MAC-UK: In June 2014 Dr Charlie Howard, founding director of MAC-UK became the first Fellow in Social Entrepreneurship. The Catch22 Fellowship is an 18-month programme established to financially support outstanding individuals who have already demonstrated success in tackling a social problem, and who are looking to take their ideas to scale.

Only Connect: In October 2015 Only Connect was acquired by Catch22. A small London-based charity, Only Connect is recognised for its radical and human approach to rehabilitation. The agreement, which sees Only Connect remain an independent charity, was explicitly designed to foster innovation in public service delivery and it is hoped it will pave the way for a new type of relationship between smaller and larger sized charities.

Unlocked: In 2016 Catch22 has been incubating Unlocked Graduates, a Teach First-style programme which aims to attract talented graduates to work in prison for an initial two-year period. The goal is to transform prisons into learning environments, with education at the heart. Catch22 has been supporting Unlocked by providing office space, access to networks and staff resource.

Finance 
Catch22 has an ambitious strategy which seeks to ensure public services embrace the opportunity to be bold and innovative. This is reflected in the way the organisation itself does business and it will continue to explore the 'new world' of charity finance, and consider the ways in which social investment could benefit the business in the long term.

Local accountability 
Central to Catch22's vision for good public services is a move away from central policy making and budgetary accountability. For example, the organisation has welcomed the announcement that prison governors will be given control over budgets and rules in May 2016. Drawing from their experience of providing services in prisons, Catch22 has long advocated for local prisons to be governed by a governor supported by an entire local community, creating a sense of ownership and responsibility for what happens to those who end up incarcerated.

Achievements and recognitions

Publications 
May 2016: A new report from Catch22's Dawes Unit explored the extent and ways in which pupil gang involvement raises challenges for schools and identified best practice for schools in responding. The 'Safer Schools' report provided a first-of-its kind insight into pupil gang involvement in Alternative Provision (AP) schools, presenting the findings of research conducted in five AP schools across three UK cities. While the survey shows that just 31% of teachers work in schools with links to local crime prevention charities, Safer Schools highlights the need for schools to build strong relationships with community organisations.

In April 2016, Catch22 together with The National Children's Bureau NCB launched a collection of essays entitled 'Rethinking Children's Services: Fit for the Future?'. The authors challenge traditional approaches, critique current practice and put forward a range of ideas for the transformation of children's social care for the next decade and beyond.

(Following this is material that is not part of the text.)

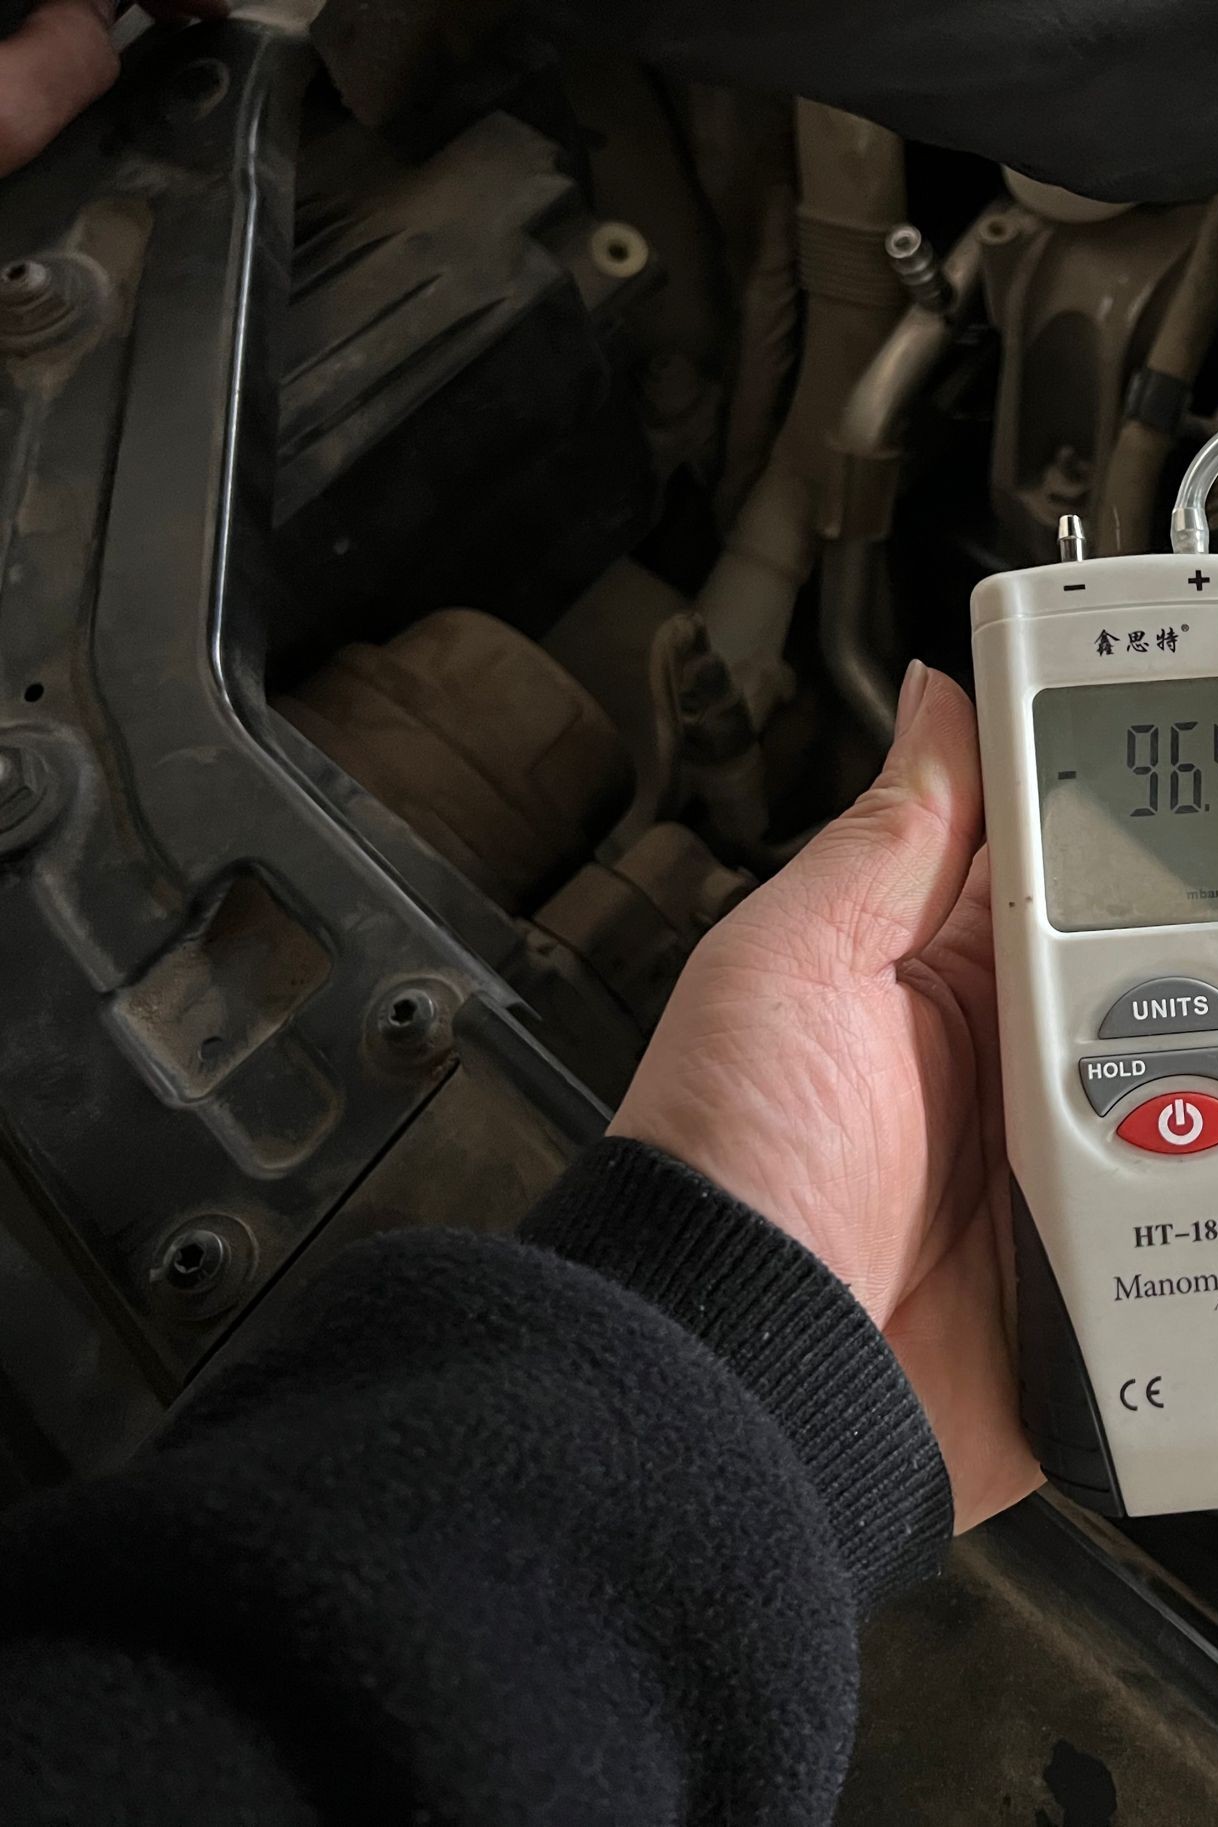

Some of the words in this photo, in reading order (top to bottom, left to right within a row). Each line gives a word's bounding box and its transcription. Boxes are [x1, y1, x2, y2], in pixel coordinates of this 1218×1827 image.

July 2015: Catch22 Dawes Unit in partnership with Missing People launched a new report which provides evidence of gang-involved young people going missing as they are caught up in 'drug lines'. 'Running the Risks: The links between gang-involvement and young people going missing', revealed how gangs are setting children up in flats for weeks at a time to sell drugs in provincial areas. It called for gang-involved young people who go missing from home or care to be treated as victims rather than criminals.

Ofsted 
In June 2016, include Bristol, part of Catch22's network of independent schools, was awarded a 'Good' inspection grade following an Ofsted visit.

February 2016: The independent school, include Salisbury, which offers alternative education under the proprietorship of Catch22, gained a 'Good' Ofsted rating.

February 2016: Ofsted rated children's services in Cheshire West and Chester, where Catch22 delivers the Pan Cheshire Missing and Child Sexual Exploitation (CSE) service, as 'good'.

December 2015: Ofsted, the official Government body for inspecting schools and colleges, rated Catch22's Apprenticeships and Study Programme provision as Good.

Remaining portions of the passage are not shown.